In the community, Ferguson served as President of Covent Garden Market, and led this city-owned public market through the planning and constructing a new $17 million building. From 2004-2006 he served as a board member of Mission Services of London, a social agency providing assistance to the homeless.  From 2006-08, he was President of the Canadian Club of London, an organization dedicated to promoting patriotism and Canadian unity.  He also served as President of a local Optimist club and as a Lieutenant-Governor in the Optimist organization.

In the Liberal Party, Ferguson served as riding president for both the London West federal and provincial associations when Sue Barnes and Chris Bentley were elected as MP and MPP respectively.  He was campaign manager for Sue Barnes in London West and Glen Pearson in London North Centre when they first won office.

In 1994, Ferguson was elected as Vice President Organization for the Liberal Party of Canada (Ontario), and from 1998-2003 served as the National Organization Chair for the Liberal Party of Canada.  During his term he created Liberal University, a training program for grassroots Liberals. A few years later, at the Liberal leadership convention in December 2006, Ferguson was elected Vice President English Speaking of the Liberal Party of Canada.

In April 2008, he was elected as President of the Liberal Party of Canada by the party's national executive to replace Senator Marie Poulin after she resigned due to illness.  During his term as President, Ferguson oversaw changes to the party's governance, implemented a national party membership, co-chaired the Change Commission after the 2008 election, and promoted internal party reform, openness, and accountability.

In 2009, Ferguson was replaced by Alfred Apps as the president of the Liberal Party of Canada.

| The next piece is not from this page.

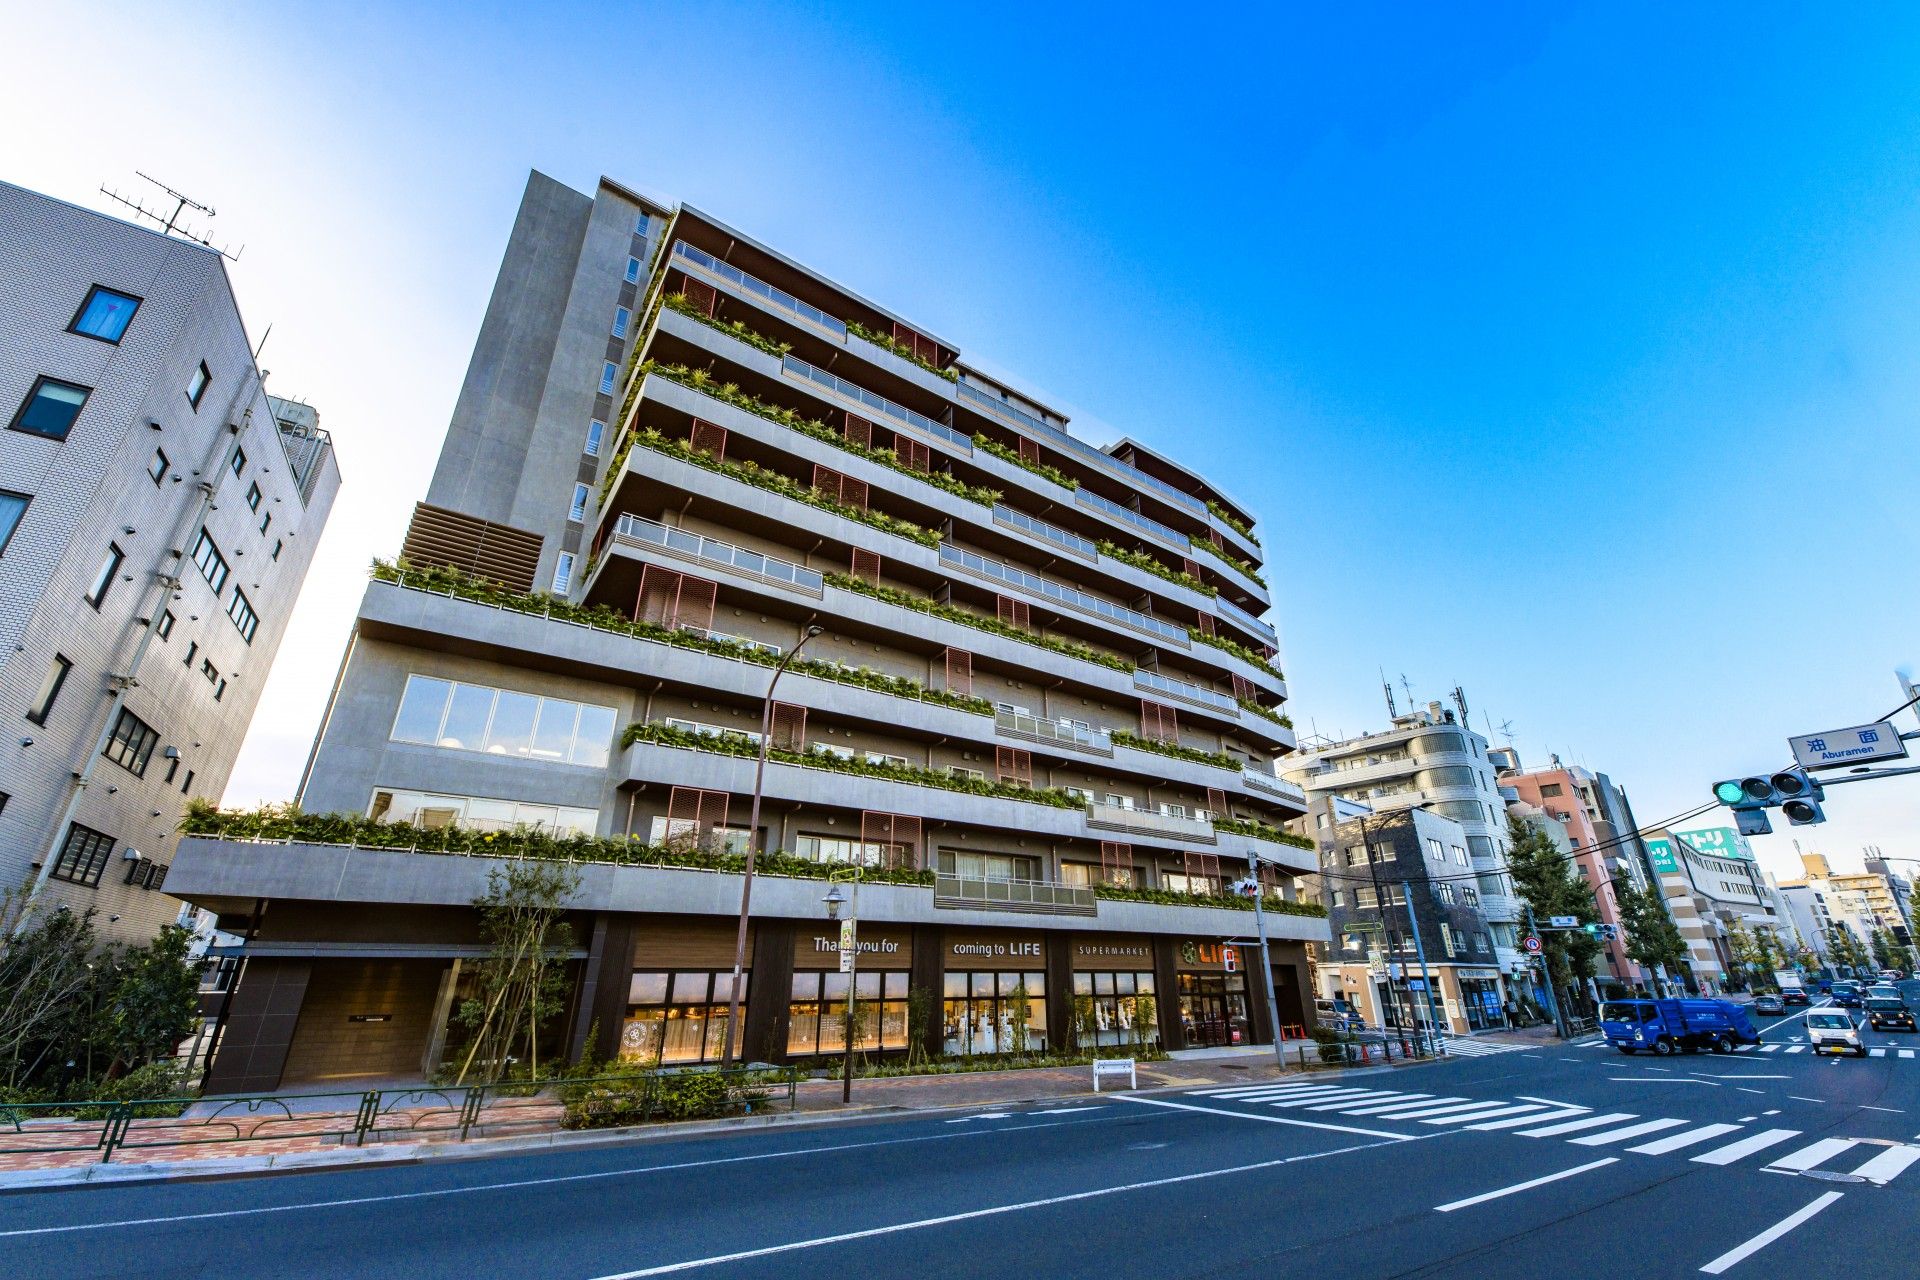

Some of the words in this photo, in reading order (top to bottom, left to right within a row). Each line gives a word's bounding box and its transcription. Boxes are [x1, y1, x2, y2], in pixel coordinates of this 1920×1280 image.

At a nomination meeting held on September 10, 2009, Ferguson was elected to stand as the Liberal candidate in the riding of London West. In the 2011 federal election, he was defeated by Conservative incumbent Ed Holder.

External links
Website

Living people
University of Ottawa alumni
University of Western Ontario alumni
Canadian lawyers
Academic staff of the University of Western Ontario
Presidents of the Liberal Party of Canada
Candidates in the 2011 Canadian federal election
People from Lambton County
Politicians from London, Ontario
Liberal Party of Canada candidates for the Canadian House of Commons
Year of birth missing (living people)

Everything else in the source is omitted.